Thursday, June 19, 2008

Confused as always!!!

Nowadays wenever some one asks me if i am OK i wanna yell at them and say "No i am not Ok"
Y do u bother if i am Ok or not...is that any of your business ectetc...
But owing to all those professional attitude,proper brought up i tend to smile back at them and say "Yes i am perfectly ok"...But sometimes it hurts to say I am ok whne i am not Ok!!!

These feelings are bothering me a lot nowadays....y do i need to be so amiable to all those xyz's out there who are really not a part of my life ... Why do i simply say a " Yes i will complete it by EOD and send it for the review" when i am sure i am not going to do it by EOD and even if i slog for hours altogether i still cant even finiosh 25% of the assigned work...
Sometimes i turn around and look at all the people who are working like me...with fake smiles plastered on thier faces and whose faces are always filled with tension and the stress....who cant even afford to take a 5 min break to go to loo..i juz wonder why exactly we are doing this....May be some fo us are really intrested in the coding and geeks who love to play with commands...but what about people like me...who wanna see some action who wanna do something different...who wanna be a part of the bigger picture rather tahn standing in the background and slogging day and nite to make our managers smile.....I agree that most of us work for a single appraisal which happens for every 6 months or for that hike which we gonna get durimg the CRR cycle but y cant anyone juz open up and say "Boss this is not what i think i am intrested to do...Lemme try something different".........
Yes u mite say...y dont u urself go and say those things to ur so called manager...but 2 years of this IT screwed up my life...the old self confident me is no longer alive...all u can see is the traces of the bubbly cheerful female who used to reside in this body...Gone were the days when i used to be the energy of the crowd...
I am no longer confident about what i am and what i can be.............................I started cribbing endlessly...cribbing about work,about life, about future,about past,about the plans i didnt follow, about the college days, about the school days, about my diet, about my non existent love life, about my long lost hobbies, about my voice, about those gym classes i never attended, those salsa sessions which i was supposed to attend but backed off due to lack of a suitable partner...
Everything comes back to me and when i analyse the things...i end up in a more confused state...unable to pick up the strings from where i left them...i sit here like a silent spectator watching the life...my life making its steady journey towards a non existent goal with a zero hope that something good mite turn out some where in the middle !!!

3 comments:

The Bard said...
This comment has been removed by the author.
The Bard said...

Got your point!! But tell me something, when you are so sure that you are confused then does this not mean that is your chance to gain that lost self-confidence, the chance to win back the life you always wanted.
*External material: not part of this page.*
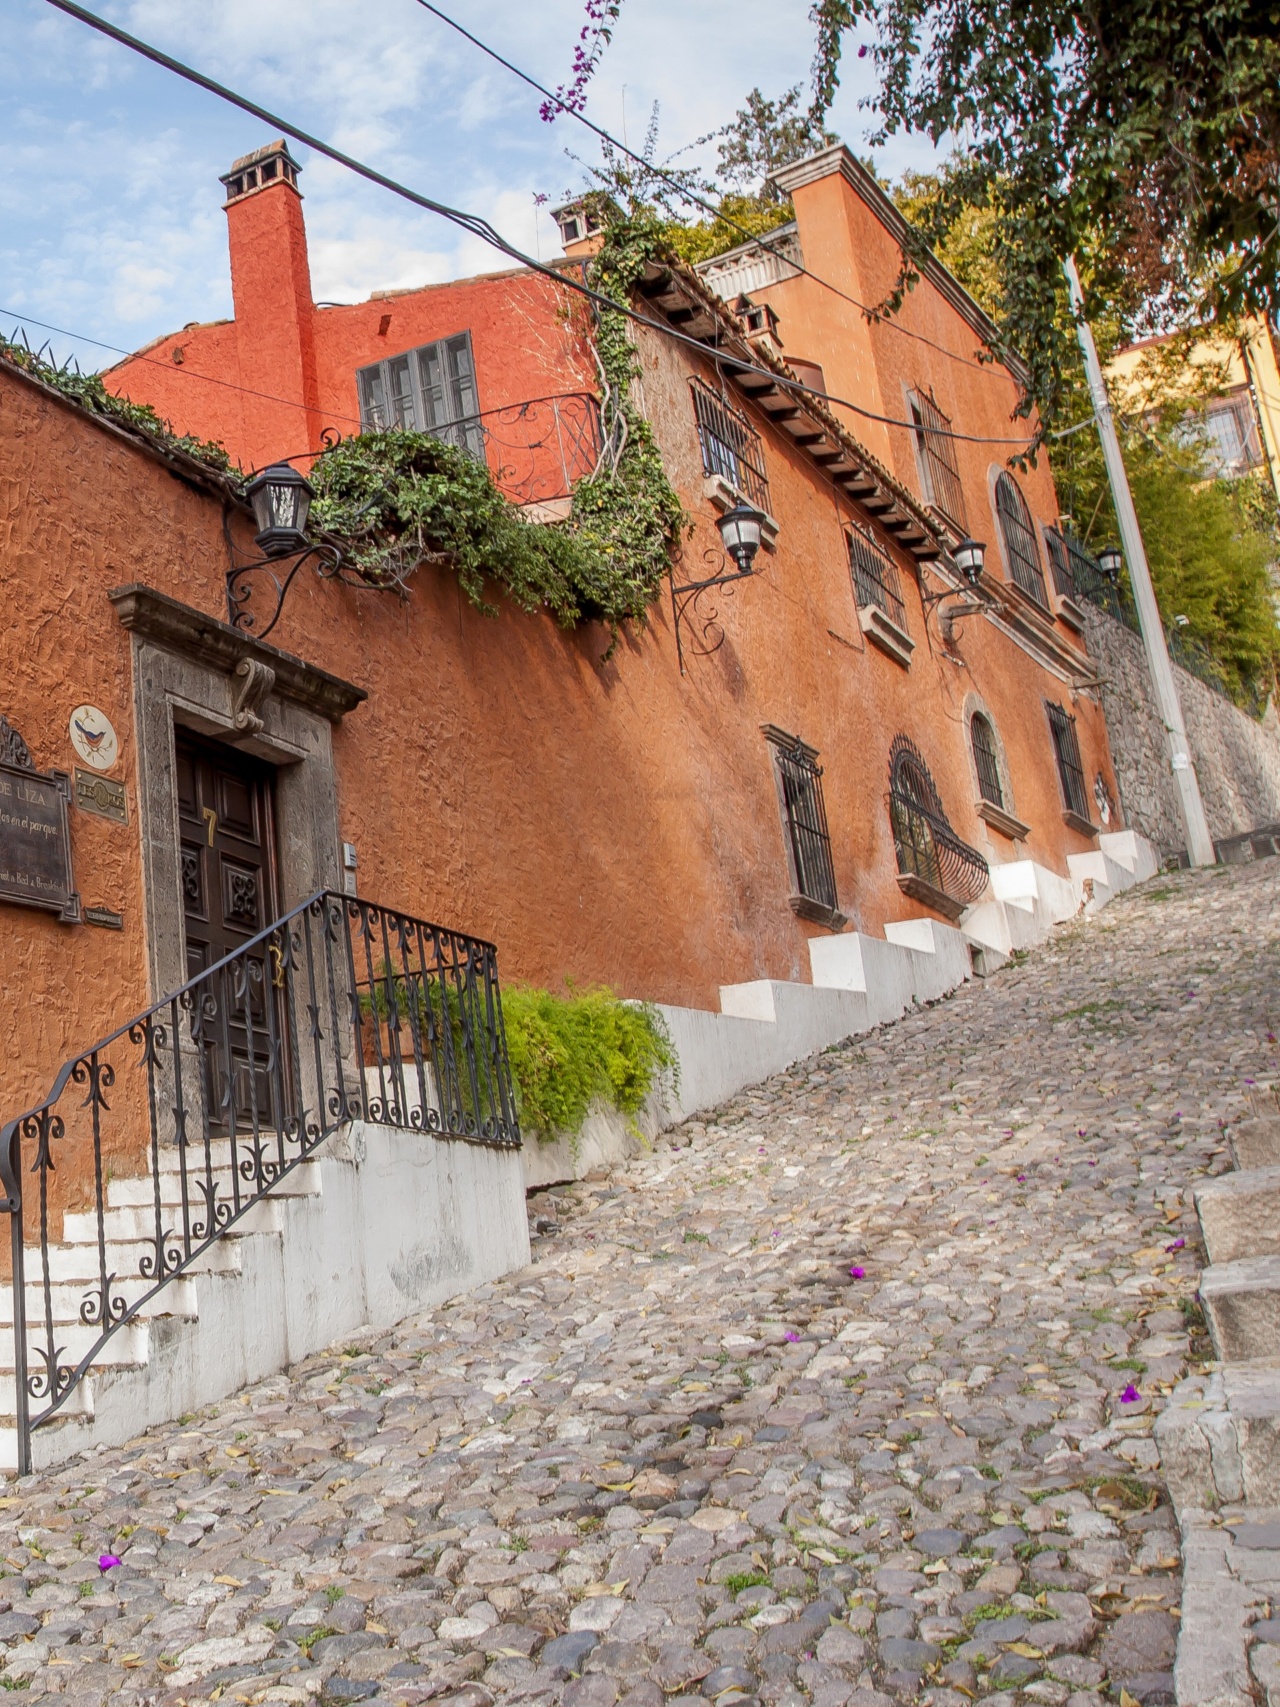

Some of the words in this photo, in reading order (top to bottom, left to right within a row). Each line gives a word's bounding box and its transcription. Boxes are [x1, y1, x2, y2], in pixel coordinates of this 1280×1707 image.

Now you know that what you don't like to work at somethings, you dont like to do few things, then this should make things easy for you to know what you like to work and then make a journey in that direction.

Crying for help is okay but if you see that no help is coming then thats the moment when u learn how to swim through the rough seas.

The Bard said...

Do you know there is a small silly mistake you've already made?